Binarized Simplicial Convolutional Neural Networks
- URL: http://arxiv.org/abs/2405.04098v2
- Date: Wed, 23 Oct 2024 07:57:41 GMT
- Title: Binarized Simplicial Convolutional Neural Networks
- Authors: Yi Yan, Ercan E. Kuruoglu,
- Abstract summary: We propose a novel neural network architecture on simplicial complexes named Binarized Simplicial Convolutional Neural Networks (Bi-SCNN)
Compared to the previous Simplicial Convolutional Neural Networks, the reduced model complexity of Bi-SCNN shortens the execution time without sacrificing the prediction performance.
Experiments with real-world citation and ocean-drifter data confirmed that our proposed Bi-SCNN is efficient and accurate.
- Score: 6.069611493148632
- License:
- Abstract: Graph Neural Networks have a limitation of solely processing features on graph nodes, neglecting data on high-dimensional structures such as edges and triangles. Simplicial Convolutional Neural Networks (SCNN) represent higher-order structures using simplicial complexes to break this limitation albeit still lacking time efficiency. In this paper, we propose a novel neural network architecture on simplicial complexes named Binarized Simplicial Convolutional Neural Networks (Bi-SCNN) based on the combination of simplicial convolution with a binary-sign forward propagation strategy.
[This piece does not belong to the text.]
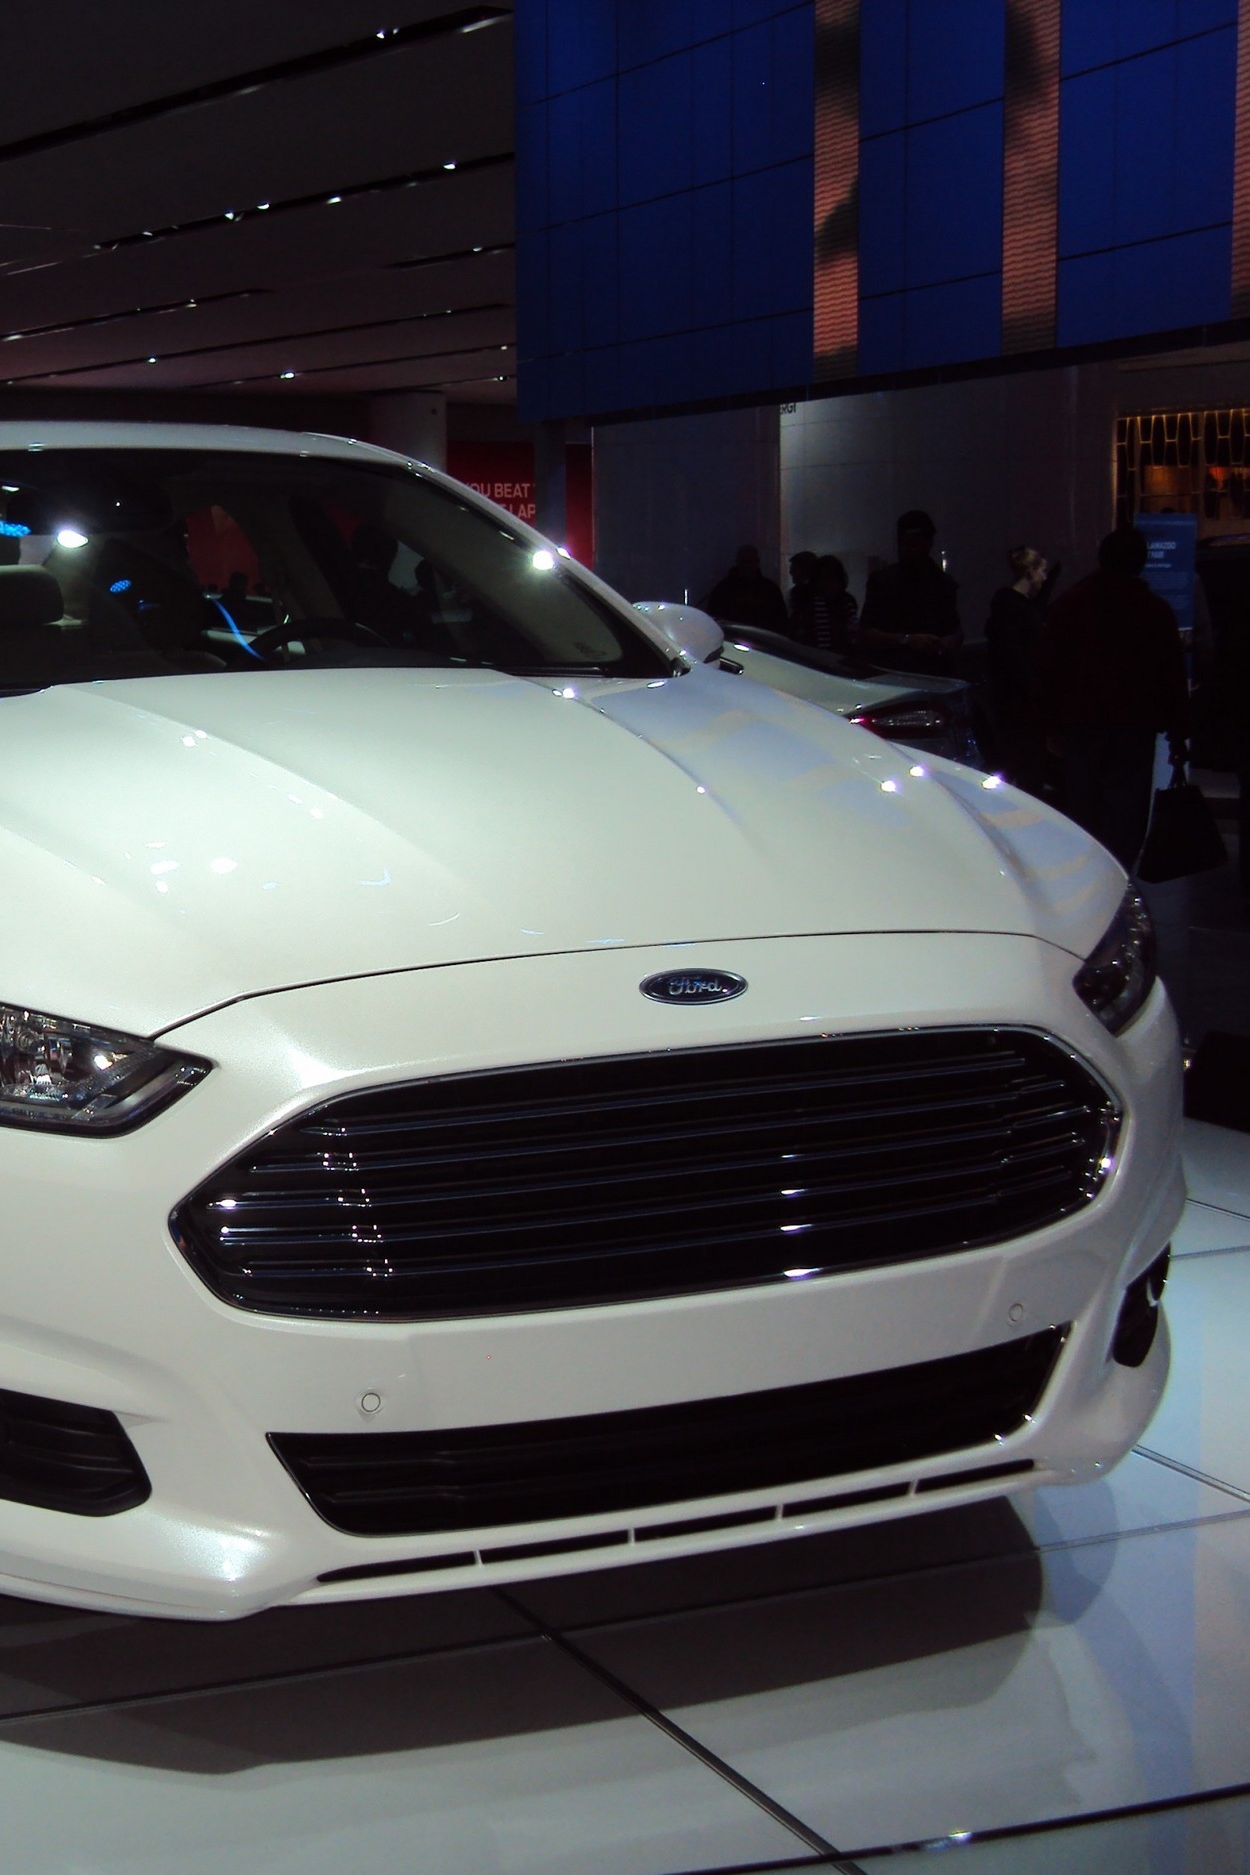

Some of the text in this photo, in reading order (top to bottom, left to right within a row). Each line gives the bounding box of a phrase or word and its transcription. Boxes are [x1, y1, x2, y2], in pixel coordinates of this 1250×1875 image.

[780, 402, 797, 414] RGI
[467, 482, 531, 498] OU BEAT
[668, 977, 722, 996] Ford
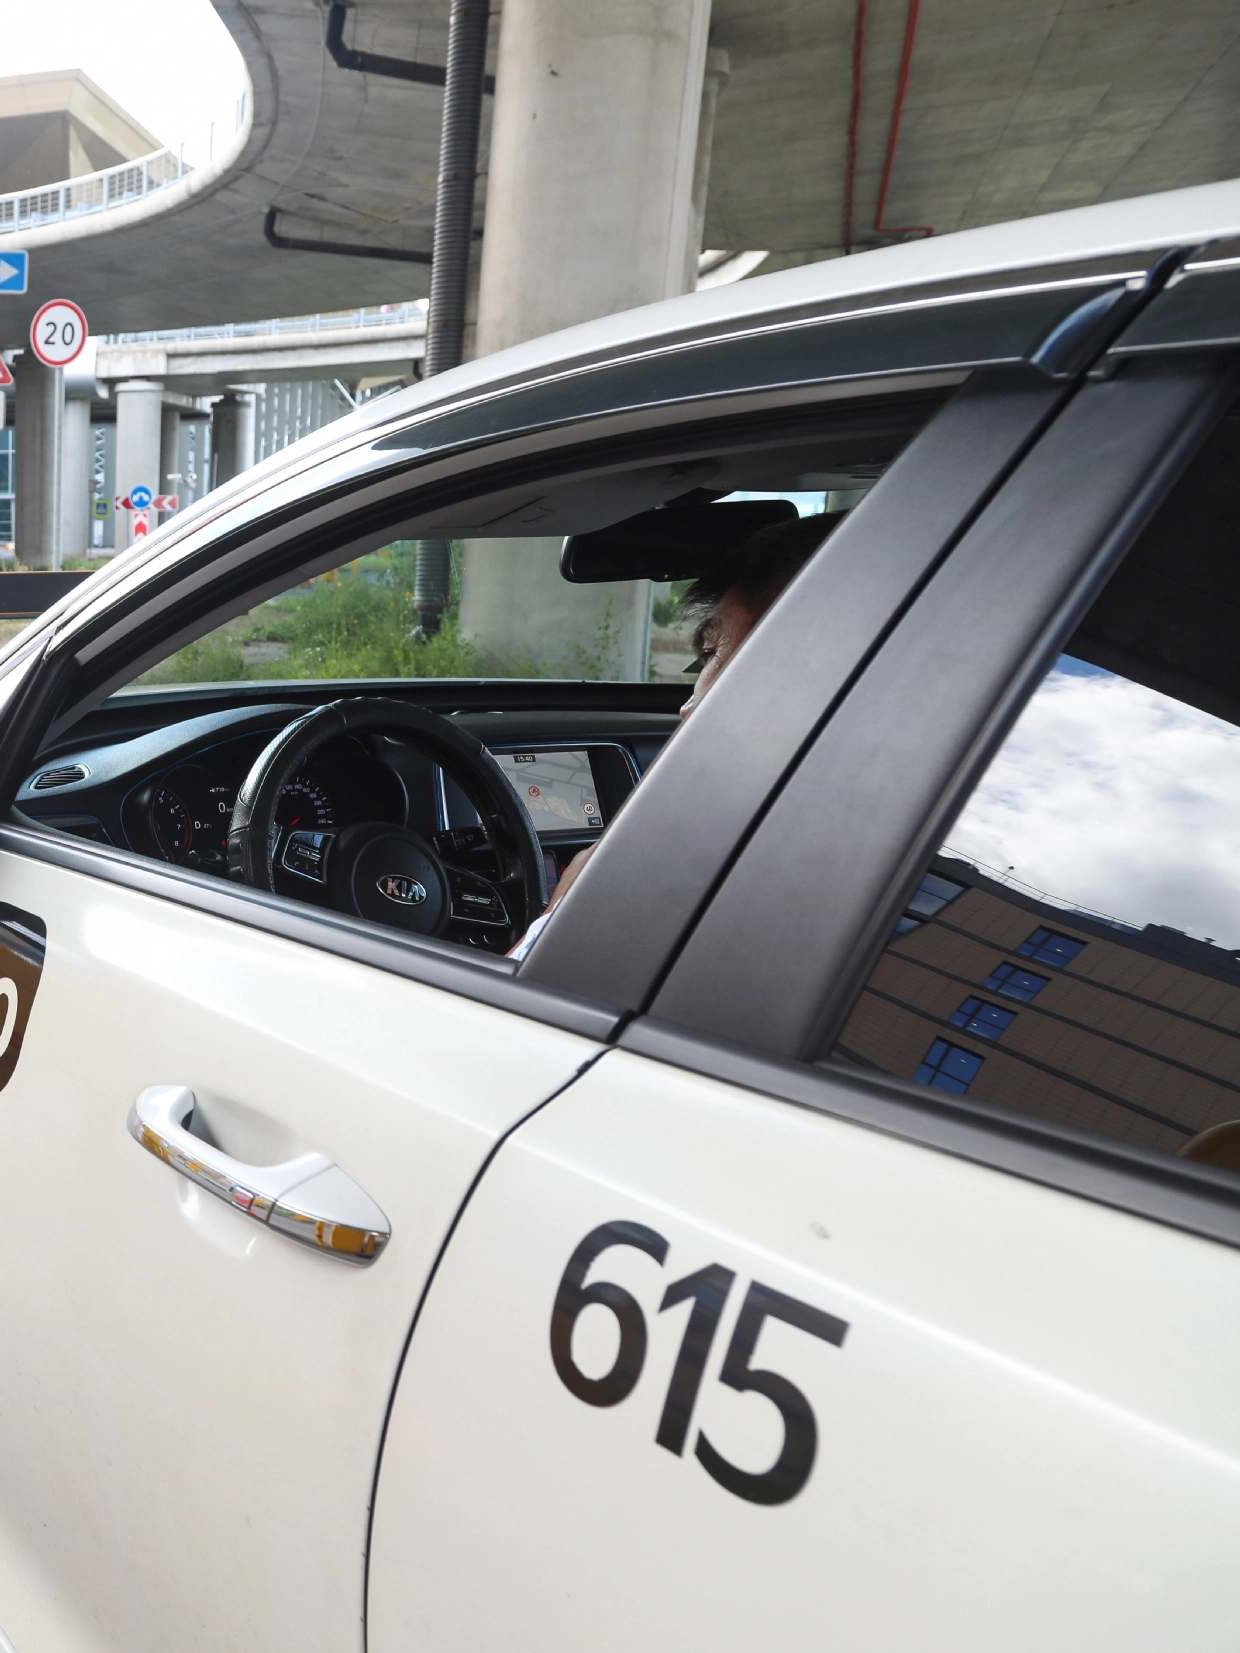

The usage of the Hodge Laplacian on a binary-sign forward propagation enables Bi-SCNN to efficiently and effectively represent simplicial features that have higher-order structures than traditional graph node representations. Compared to the previous Simplicial Convolutional Neural Networks, the reduced model complexity of Bi-SCNN shortens the execution time without sacrificing the prediction performance and is less prone to the over-smoothing effect. Experimenting with real-world citation and ocean-drifter data confirmed that our proposed Bi-SCNN is efficient and accurate.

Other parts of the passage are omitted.